Segment Start: Supplied data

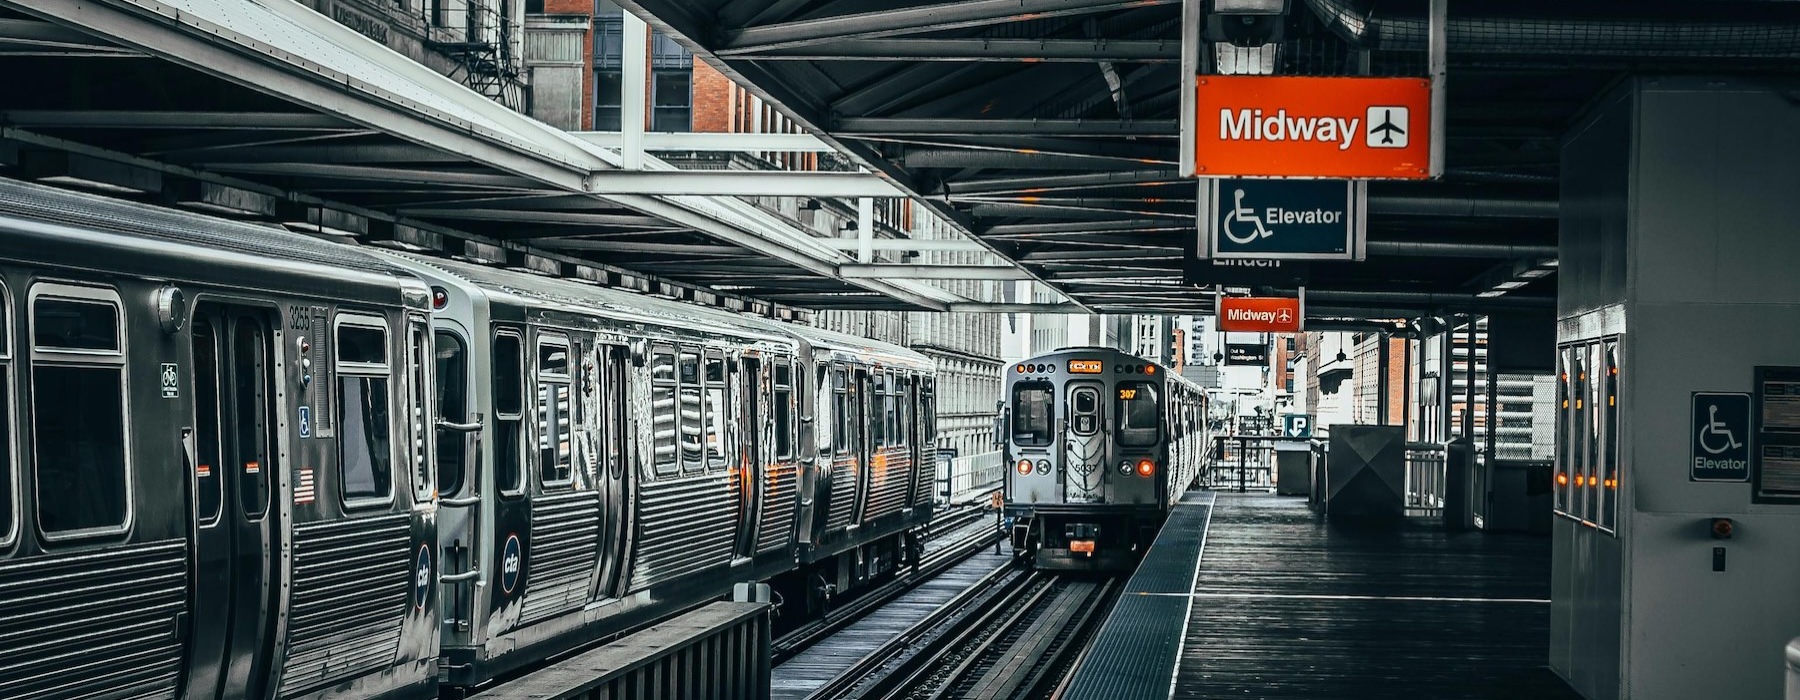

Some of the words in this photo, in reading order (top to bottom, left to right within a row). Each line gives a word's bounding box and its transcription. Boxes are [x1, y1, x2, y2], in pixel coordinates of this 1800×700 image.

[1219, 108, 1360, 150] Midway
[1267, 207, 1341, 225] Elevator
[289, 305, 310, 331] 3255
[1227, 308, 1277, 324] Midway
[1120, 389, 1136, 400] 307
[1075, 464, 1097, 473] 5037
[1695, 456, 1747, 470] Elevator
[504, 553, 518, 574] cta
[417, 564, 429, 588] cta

Segment End: Supplied data

:: Exercise objective ::
Nothing but an exact copy of the data, without its images, should make up your answer.

:: Result for this task ::
Some of the words in this photo, in reading order (top to bottom, left to right within a row). Each line gives a word's bounding box and its transcription. Boxes are [x1, y1, x2, y2], in pixel coordinates of this 1800×700 image.

[1219, 108, 1360, 150] Midway
[1267, 207, 1341, 225] Elevator
[289, 305, 310, 331] 3255
[1227, 308, 1277, 324] Midway
[1120, 389, 1136, 400] 307
[1075, 464, 1097, 473] 5037
[1695, 456, 1747, 470] Elevator
[504, 553, 518, 574] cta
[417, 564, 429, 588] cta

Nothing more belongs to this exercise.